Background information
- Born: Christopher August Megert March 20, 1982 (age 44)
- Origin: Garland, Texas, U.S.
- Genres: CCM
- Occupation: Singer/Songwriter
- Years active: 2004–present
- Label: Fervent

= Chris August =

Christopher August Megert (born March 20, 1982), known professionally as Chris August, is an American Contemporary Christian musician.

August began recording as a secular musician before switching to Christian music. His song "Starry Night" reached No. 1 on the Billboard Christian Songs chart in 2010/2011. He was nominated at the 2011 Dove Awards in five categories, including Best New Artist and Song of the Year.

==Career==
August began recording music in his early teens after his father built a studio in their home in Garland, Texas. He became a Christian when he turned 15 years old and began to record music.

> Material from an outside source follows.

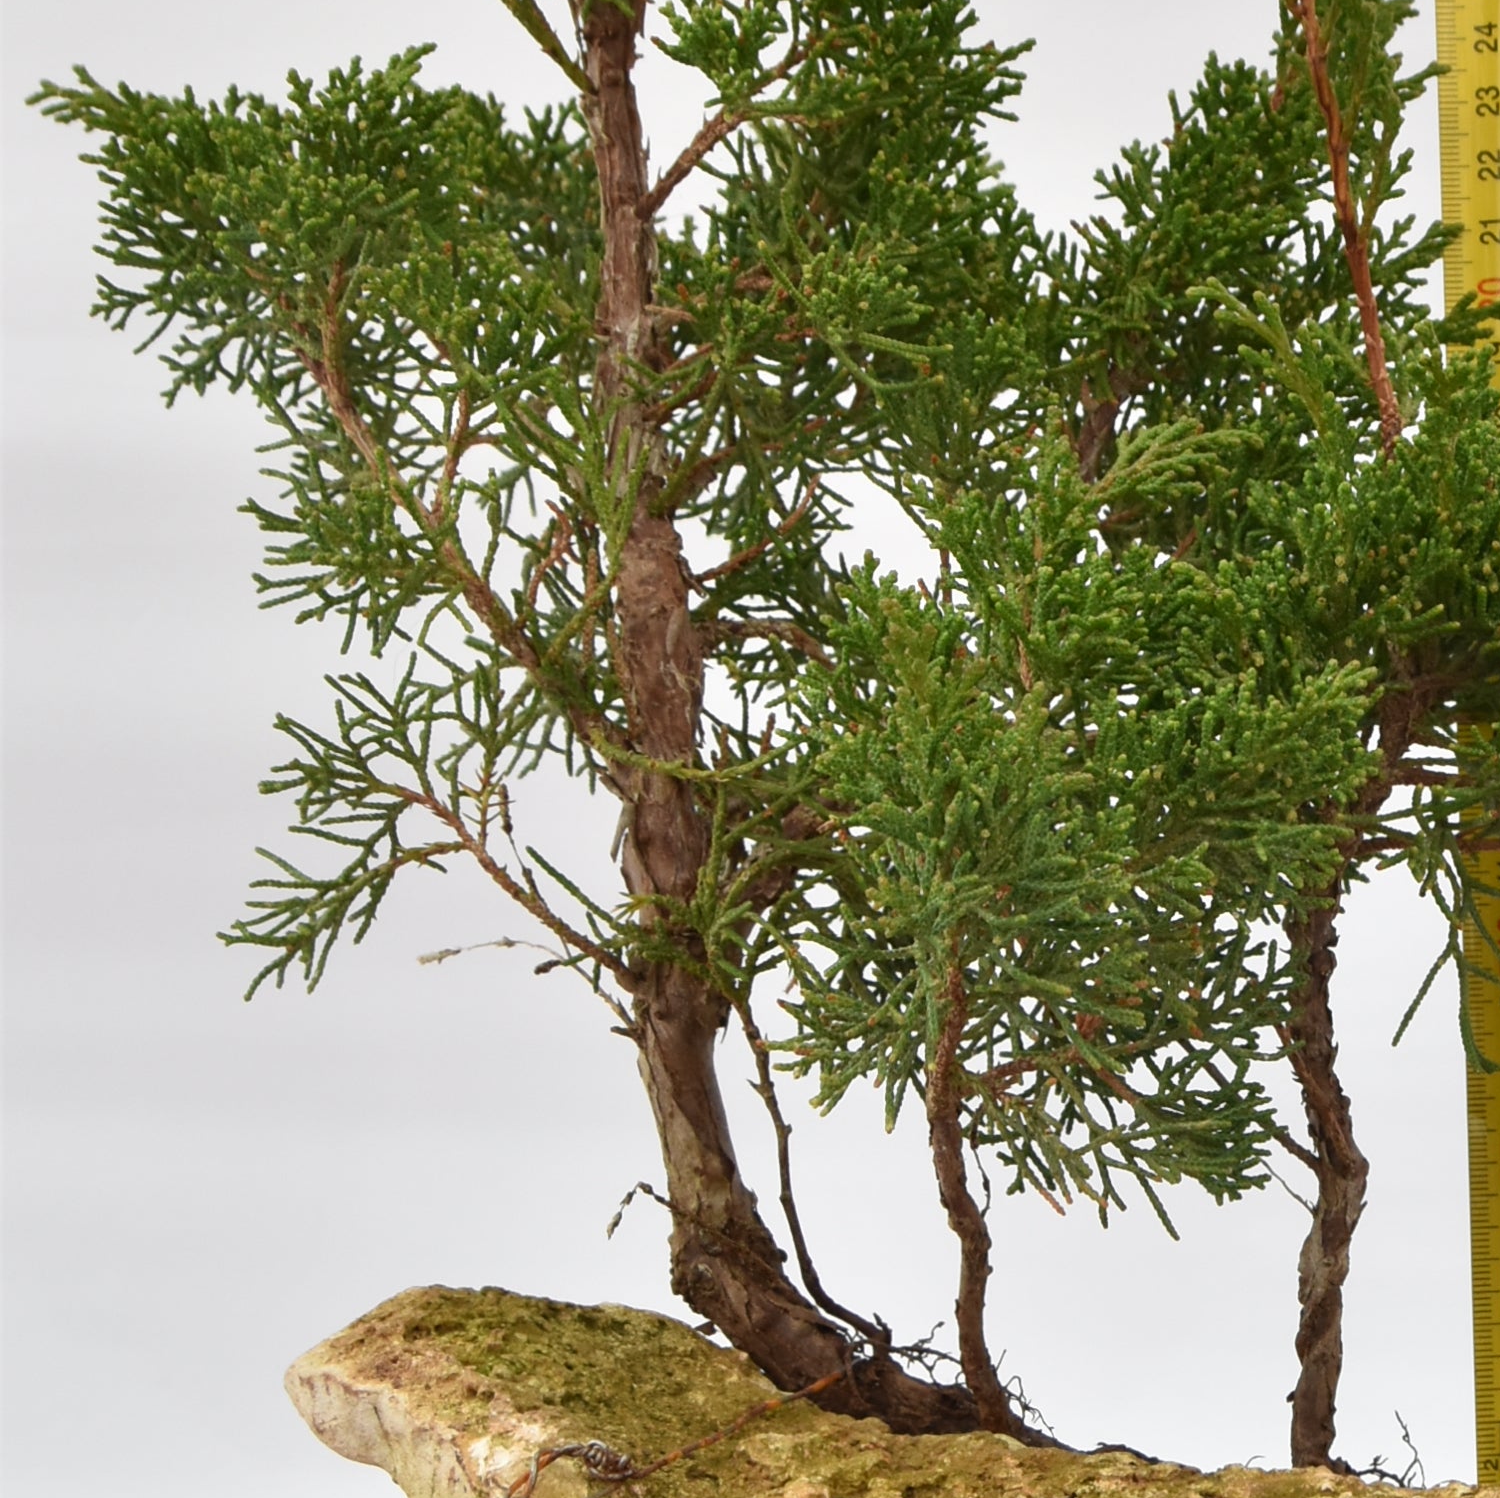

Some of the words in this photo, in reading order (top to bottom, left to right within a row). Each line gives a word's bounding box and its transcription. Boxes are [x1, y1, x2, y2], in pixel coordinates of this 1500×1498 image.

August continued to practice and release his first self-produced album A Beautiful Thing as a 22-year-old under the name Chris Megert and the Love Jones. The album was found by Ryan Cabrera who guided August to a new manager, Jessica Simpson's father Joe Simpson. August landed a contract with Geffen Records and he moved to Los Angeles in 2005. He helped with producing records for Brian McKnight and Jessica Simpson as well as playing keyboards on Ashlee Simpson's tour; he also played as the opening act on Ashlee Simpson's tour. August's contract with Geffen fell through while they were renegotiating his contract so he went back home to Texas.

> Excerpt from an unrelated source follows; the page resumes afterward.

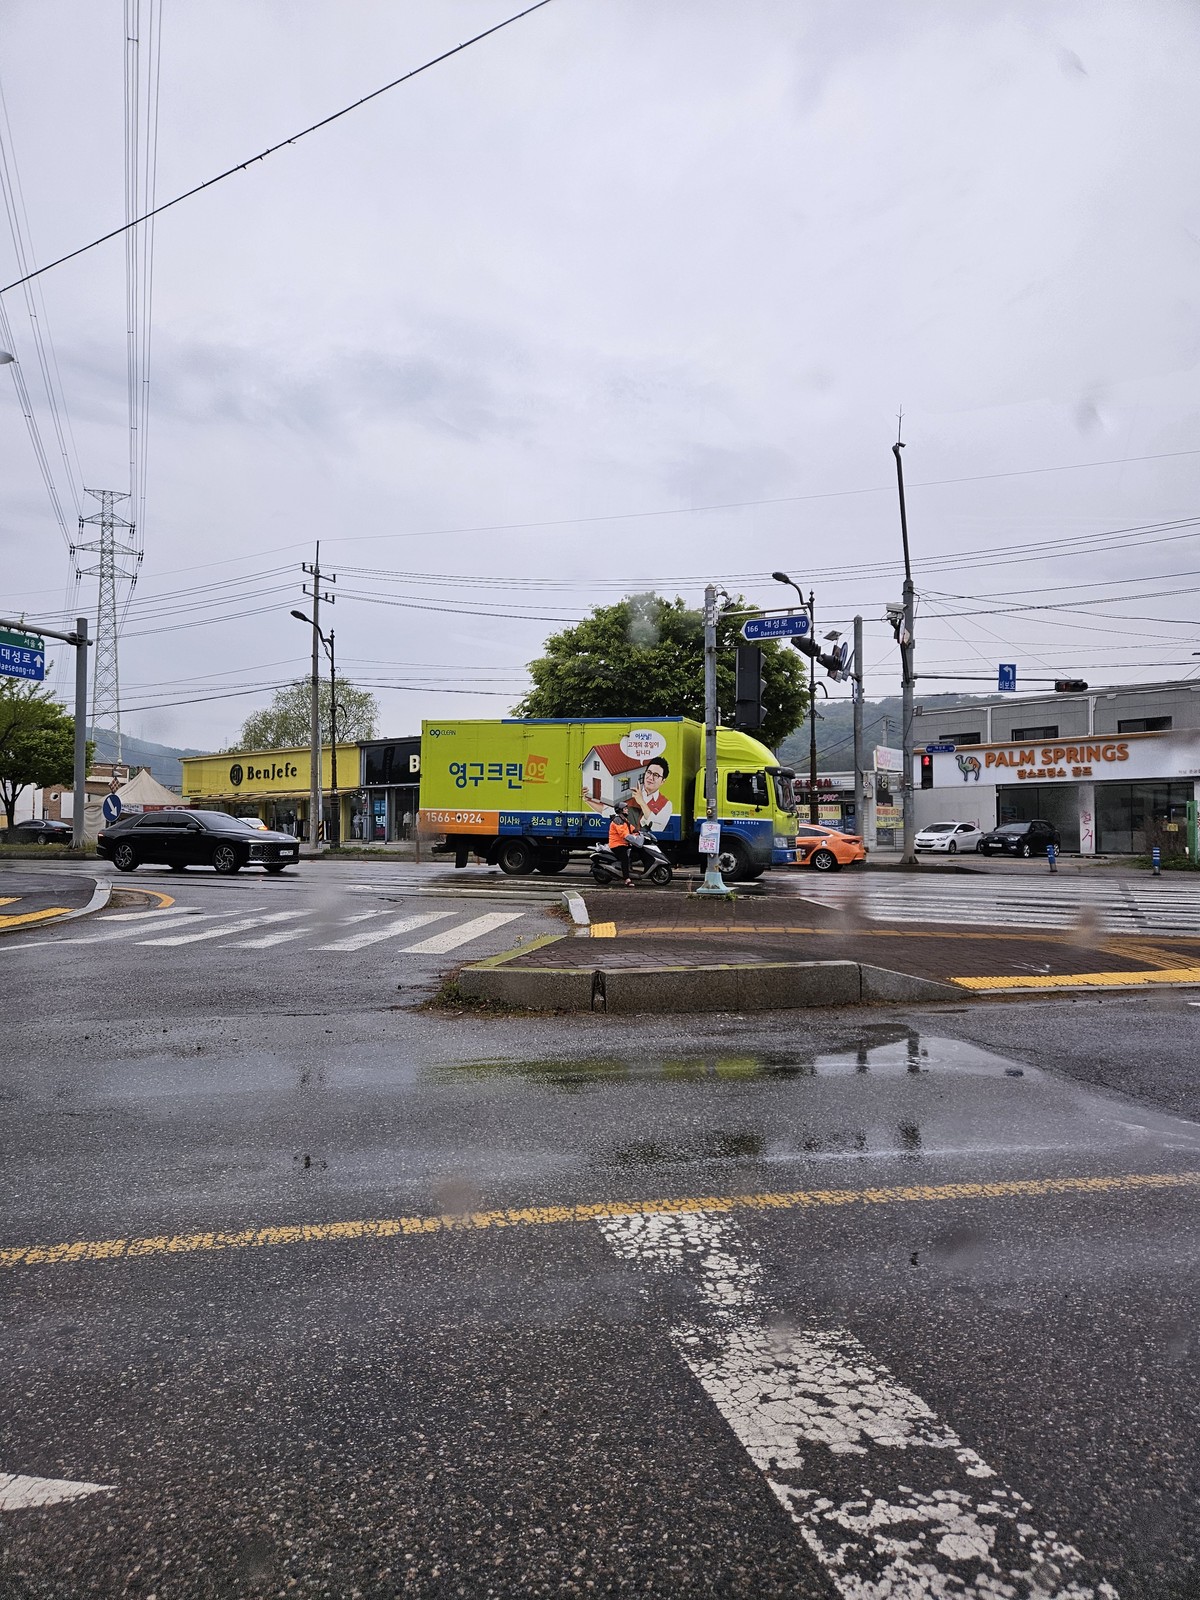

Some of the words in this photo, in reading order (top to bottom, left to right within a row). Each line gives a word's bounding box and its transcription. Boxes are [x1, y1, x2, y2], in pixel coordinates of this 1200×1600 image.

While at home, August decided to stop working on secular projects and began to work solely on Christian music. August wrote the song "Starry Night" as a demo and he received a contract from Word Records. He recorded the album No Far Away in 2010 and the song was released as a single that year. The album peaked at No. 15 on the Christian Albums charts and No. 9 on the Heatseeker Albums.

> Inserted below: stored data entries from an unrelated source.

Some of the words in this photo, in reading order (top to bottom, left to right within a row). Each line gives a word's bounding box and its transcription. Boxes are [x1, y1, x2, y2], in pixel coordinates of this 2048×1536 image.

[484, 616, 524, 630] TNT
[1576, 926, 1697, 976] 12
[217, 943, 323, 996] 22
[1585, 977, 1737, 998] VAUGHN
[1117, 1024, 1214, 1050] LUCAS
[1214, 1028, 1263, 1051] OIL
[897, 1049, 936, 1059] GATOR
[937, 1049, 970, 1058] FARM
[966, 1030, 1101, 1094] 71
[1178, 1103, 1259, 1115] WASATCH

The single hit No. 1 on the Billboard Christian Songs chart and it reached No. 21 on Billboard's Heatseeker Songs. When the song topped the Christian AC Monitored chart, it was the first debut single to reach No. 1 in over three years. His second single was "7x70" which is a song about forgiveness following his parents' divorce when he was a fifth grade student.

August toured to support the album, first opening for Point of Grace for a twelve-night tour.

August joined the Winter Jam 2011 national tour along with Newsboys and Francesca Battistelli in 45 cities.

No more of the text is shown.